The Florida Railroad Museum  is a railroad museum located in Parrish, Florida. The museum operates a heritage railroad and offers round-trip tourist excursions along six miles of the former Seaboard Air Line Sarasota Subdivision in Manatee County between Parrish and Willow.

History
The museum was founded in 1981 as the Florida Gulf Coast Railroad Museum, and has been operating weekend excursions out of Parrish since 1992. The museum is also active in the ghost town of Willow, where it has maintenance facilities. At Willow, there is a railroad spur that leads east off of the mainline to a Florida Power & Light Company plant. CSX Transportation provides rail service to the plant. The area of Willow is accessible from Willow Road east off of US 301. The museum has a fence around its facilities at Willow and cameras for security. It has constructed a new depot at Willow within this secured property.

The railroad line that the Florida Railroad Museum uses is a very small part of a 55-mile route that was built south from Durant to Manatee County and into Sarasota with construction starting in 1895. It was first incorporated in 1902 as the United States & West Indies Railroad and Steamship Company.
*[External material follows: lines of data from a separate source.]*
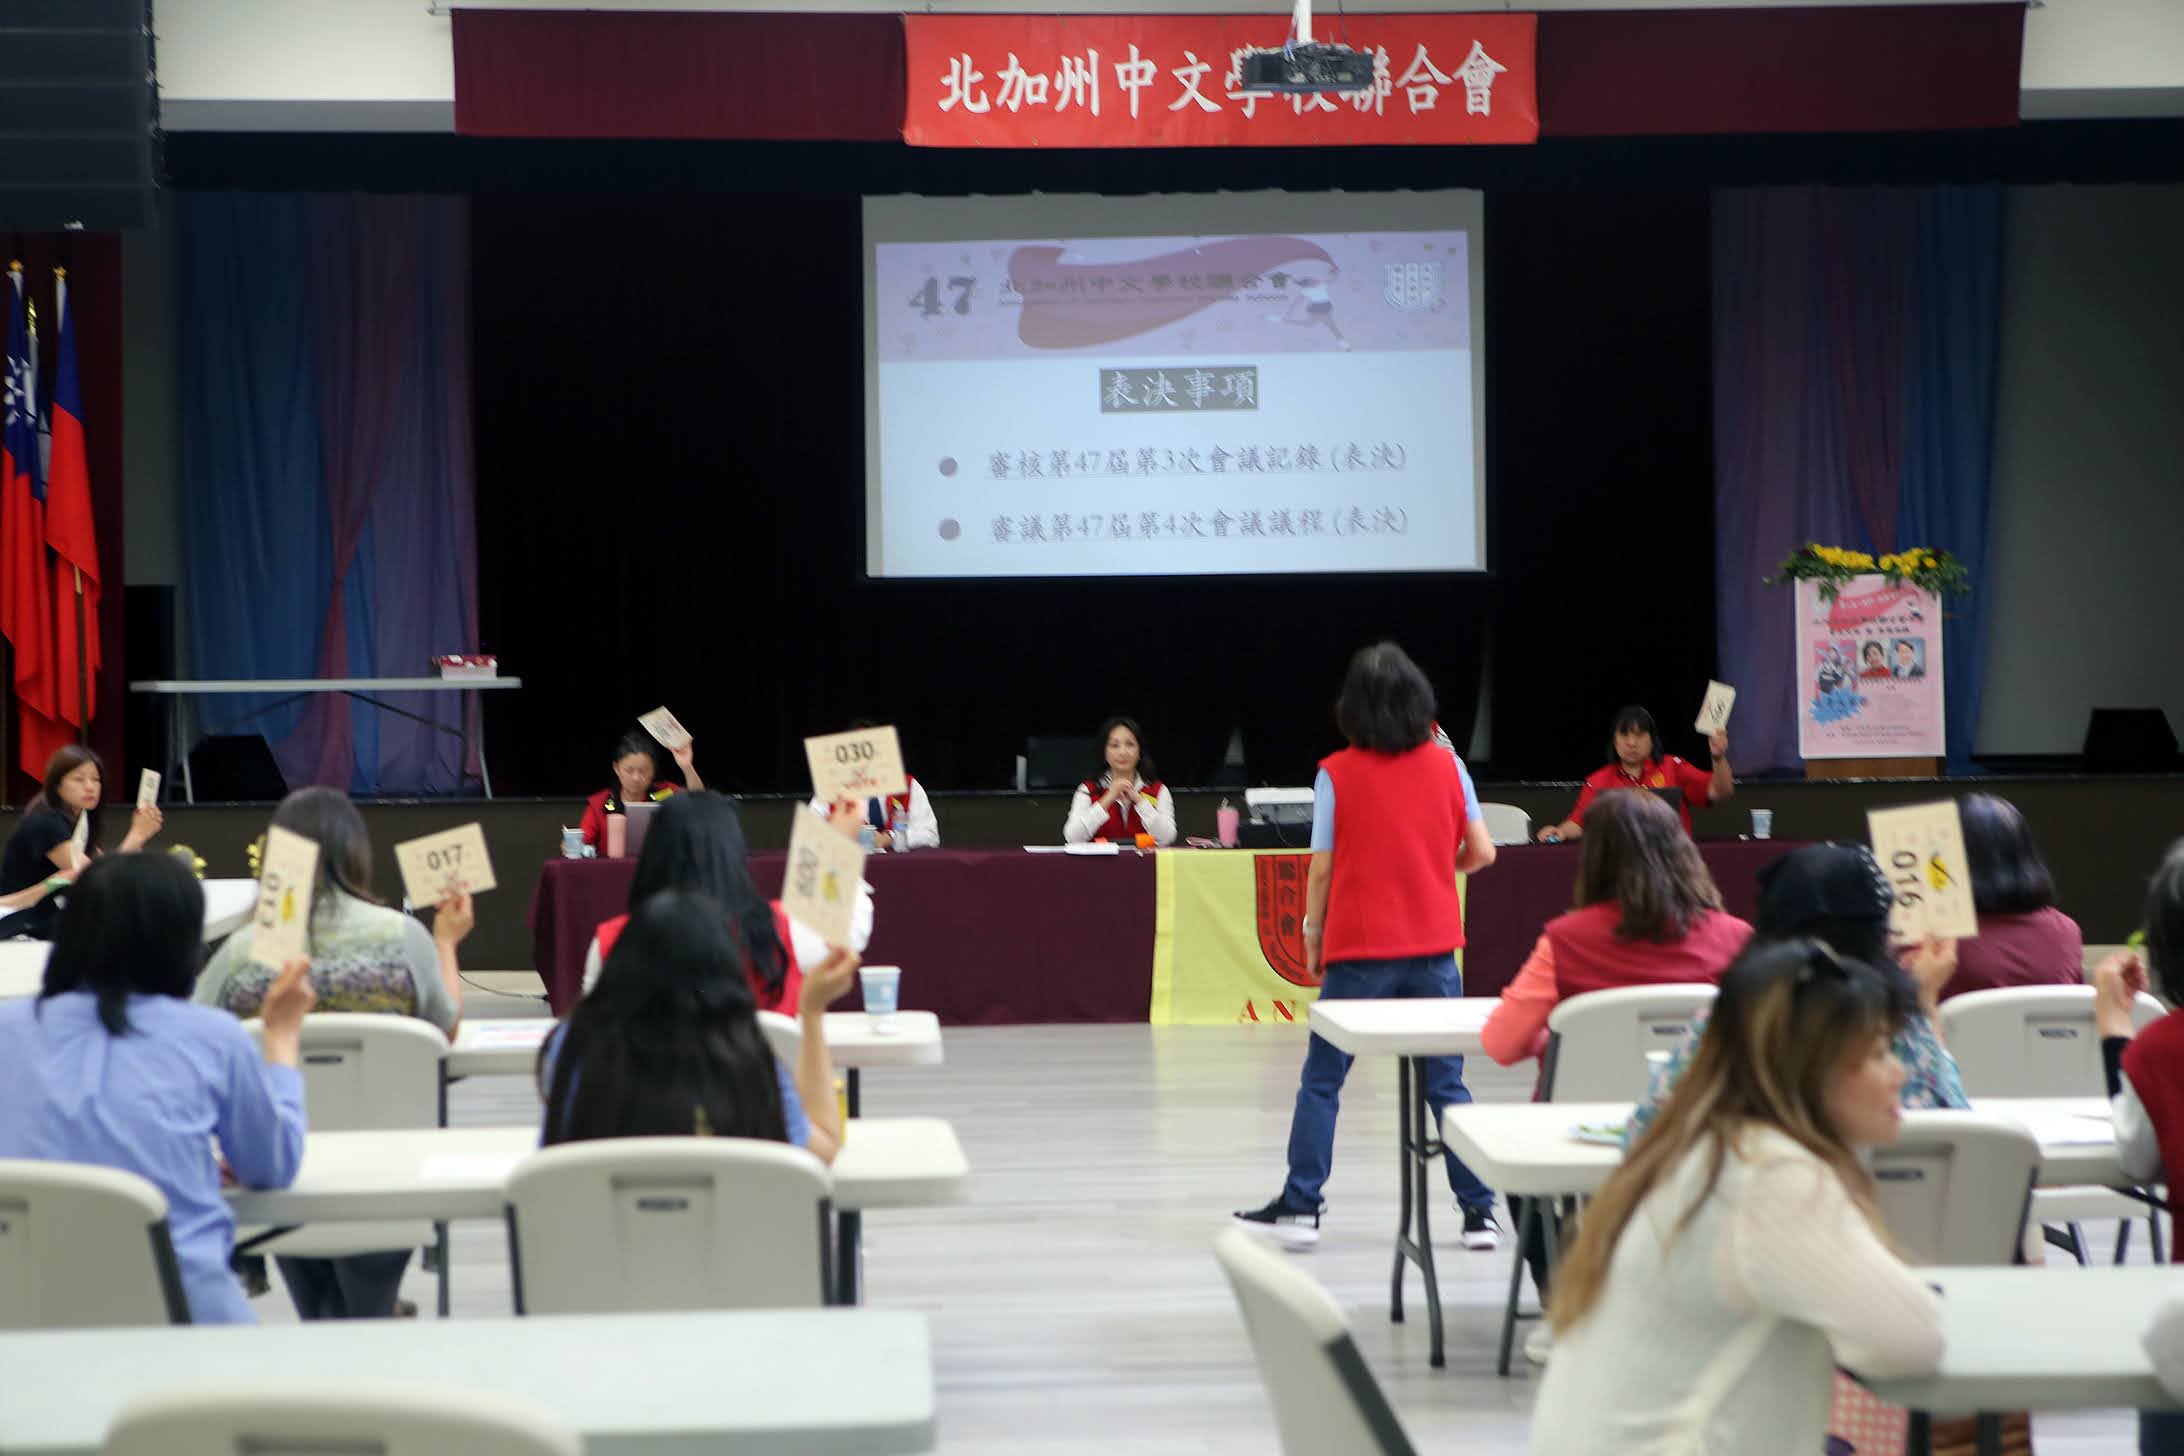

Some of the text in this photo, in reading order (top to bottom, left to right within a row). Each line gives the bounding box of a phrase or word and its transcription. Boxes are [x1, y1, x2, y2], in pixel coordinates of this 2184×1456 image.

[909, 276, 976, 316] 47
[1104, 369, 1256, 408] 表決事項
[835, 741, 874, 764] 030
[427, 845, 462, 870] 017
[1891, 850, 1924, 907] 016
It became the Florida West Shore Railway on May 9, 1903. On November 4, 1909 it was acquired by the Seaboard Air Line Railroad Company. In 1967, the merger of the Seaboard Air Line and the Atlantic Coast Line created the Seaboard Coast Line. The Seaboard Coast Line would later become a part of the Family Lines System. This would lead to the Seaboard System and that would become a part of CSX Transportation in the 1980s, although the segment from Durant to Willow was pulled up in 1986. The line is currently part of the CSX Palmetto Subdivision's Parrish Spur. It is Class I track with jointed, 75-pound rails.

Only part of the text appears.